I don’t know about you but it really pisses me off when I go to a restaurant and they serve food with half or a quarter of a serviette. It just reeks of mediocrity and is the clearest form of impunity I know in the food industry. If a restaurant will cut corners in such a blatant and visible manner, who is to say what other areas the are cutting corners in? Could they be serving donkey meat since it may be cheaper? Don’t even get me started on those that have cutlery that looks like it can be blown off the table by a gust of wind together with the miniskirt of a serviette it is wearing. I honestly wonder whether some of the owners of such restaurants can even sit in them and have a meal. In one of such experiences I asked to see the manager immediately. When she came I was surprised to see that she looked decent, actually smart. I bitched vehemently about sharing my serviette with three other customers and said it would even be better if they asked people to come with their own forks. I was really upset. Why would you invest so much money in equipment and staff then spend two shillings on forks and try to spend as close to zero as possible on serviettes? I assured her that if the business grew into something really big, it would not be because of savings on serviettes and that if it ever flopped it would not be because of spending too much on serviettes. She of course made all manner of apologies and promises of a better experience in the future but of course I did not believe her.

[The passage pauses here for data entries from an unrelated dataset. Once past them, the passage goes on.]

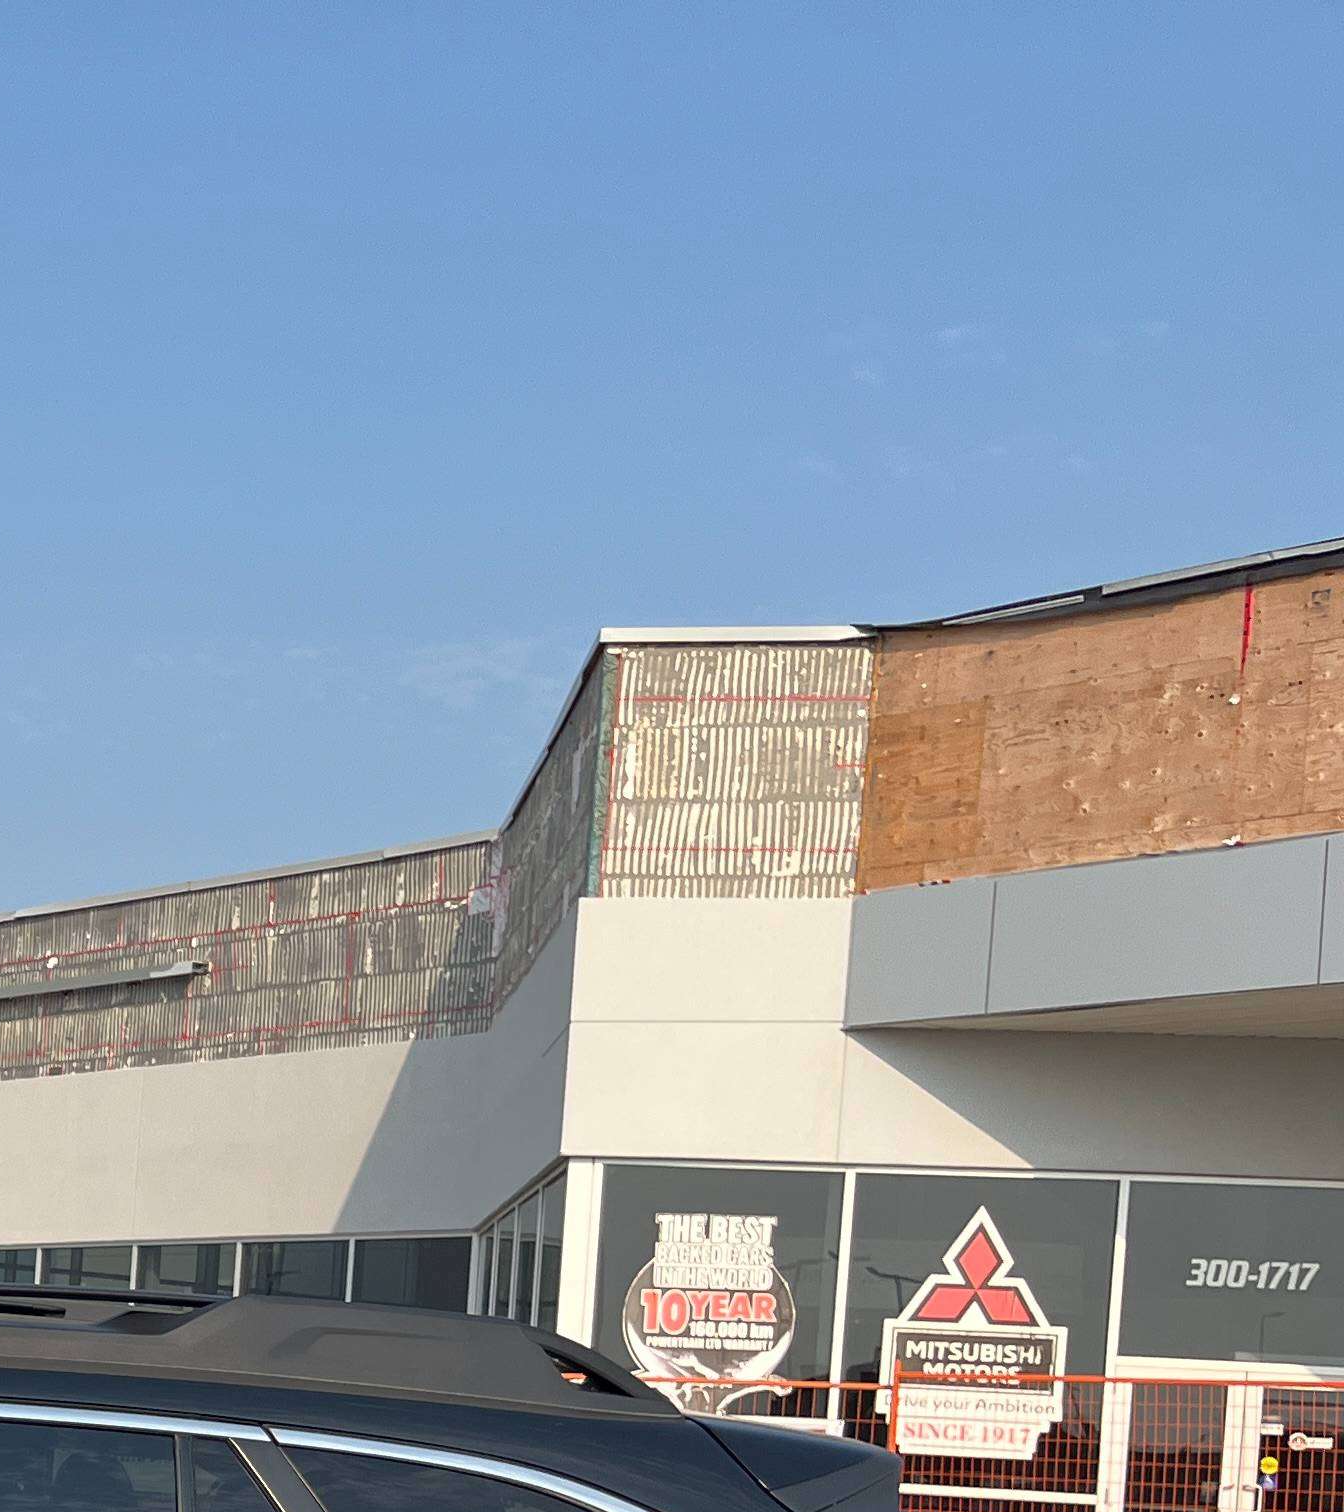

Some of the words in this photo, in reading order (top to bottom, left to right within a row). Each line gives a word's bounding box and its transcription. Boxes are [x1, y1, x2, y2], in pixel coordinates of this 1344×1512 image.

[655, 1213, 707, 1244] THE
[709, 1214, 778, 1246] BEST
[655, 1243, 723, 1265] BACKED
[725, 1245, 774, 1266] CARS
[708, 1266, 774, 1290] WORLD
[1185, 1257, 1320, 1290] 300-1717
[641, 1288, 690, 1335] 10
[686, 1290, 777, 1322] YEAR
[905, 1339, 1042, 1365] MITSUBISHI
[884, 1393, 928, 1408] Dive
[932, 1398, 970, 1411] your
[975, 1398, 1056, 1415] Ambition
[903, 1421, 972, 1441] SINCE
[982, 1425, 1031, 1445] 1917

Pastor Oscar once said that if you want to know the standard of a restaurant, you should have a look at its toilets. If they do not take care of the places where all customers can see, you can be sure that they feel nothing about the kitchen which customers never get to see.
5. Photocopy shop
I once needed to make three copies urgently. I was served by a very tired looking pregnant lady. I could tell how much effort she was putting in pressing every single button and at some point I thought she was going to go into labour in the process. I even thought of helping her. When she finally finished and asked me for six shillings, her face changed when I handed her a one hundred shilling note. I was so sure her water had broken and I even looked down for evidence of it.
“Don’t you have small change?” she shouted.
I tried to explain that that was the smallest note I had. She would hear none of it. She angrily threw back my money and my original document, tore up the photocopies and threw them into the waste paper basket and told me to go get copies elsewhere.
I have no words.
What are your experiences like?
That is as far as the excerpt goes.